Pursuant to the Servicing Addendum, Ocwen will service the mortgage loans related to the Subject MSRs.  In consideration of servicing such mortgage loans, Ocwen will receive a servicing fee based on the unpaid principal balance as of the first of each month as set forth in the Servicing Addendum.  The initial term of the Servicing Addendum is for the five years following July 23, 2017.  At any time during the initial term, Holdings may terminate the Servicing Addendum for convenience, subject to Ocwen’s right to receive a termination fee calculated in accordance with the Servicing Addendum and specified notice. Following the initial term, (i) Holdings may extend the term of the Servicing Addendum for additional three-month periods by delivering written notice to Ocwen of its desire to extend such contract thirty days prior to the end of such three-month period and (ii) the Servicing Addendum may be terminated by Ocwen on an annual basis.  In addition, Holdings, HLSS EBO and Ocwen will have the right to terminate the Servicing Addendum for cause if certain conditions specified in the Servicing Addendum occur.

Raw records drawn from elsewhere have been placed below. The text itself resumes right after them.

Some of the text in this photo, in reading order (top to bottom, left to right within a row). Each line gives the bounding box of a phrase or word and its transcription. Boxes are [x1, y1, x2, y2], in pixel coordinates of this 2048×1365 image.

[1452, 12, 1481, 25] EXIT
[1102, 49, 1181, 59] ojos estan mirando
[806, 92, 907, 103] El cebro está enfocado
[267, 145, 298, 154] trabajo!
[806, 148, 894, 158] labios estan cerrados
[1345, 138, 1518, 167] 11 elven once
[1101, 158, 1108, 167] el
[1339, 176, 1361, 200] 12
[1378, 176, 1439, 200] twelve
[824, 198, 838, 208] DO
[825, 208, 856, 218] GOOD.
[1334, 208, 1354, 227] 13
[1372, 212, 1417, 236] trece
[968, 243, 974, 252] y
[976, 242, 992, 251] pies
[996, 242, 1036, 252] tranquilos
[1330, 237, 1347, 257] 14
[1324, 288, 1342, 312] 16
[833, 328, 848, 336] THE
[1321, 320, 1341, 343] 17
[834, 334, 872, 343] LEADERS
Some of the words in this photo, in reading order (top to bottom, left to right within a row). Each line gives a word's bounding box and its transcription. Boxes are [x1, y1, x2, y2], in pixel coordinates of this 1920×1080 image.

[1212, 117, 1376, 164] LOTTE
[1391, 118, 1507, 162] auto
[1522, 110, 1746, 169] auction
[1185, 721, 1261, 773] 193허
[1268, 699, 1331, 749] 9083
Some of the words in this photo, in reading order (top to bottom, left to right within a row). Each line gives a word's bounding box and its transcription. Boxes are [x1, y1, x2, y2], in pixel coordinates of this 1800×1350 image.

If the Servicing Addendum is terminated or not renewed in accordance with these provisions, Holdings will have the right to direct the transfer of servicing to a third party, subject to Ocwen’s option to purchase the Subject MSRs and related assets in certain cases. To the extent that servicing of the loans cannot be transferred in accordance with these provisions, the Servicing Addendum will remain in place with respect to the servicing of any remaining loans.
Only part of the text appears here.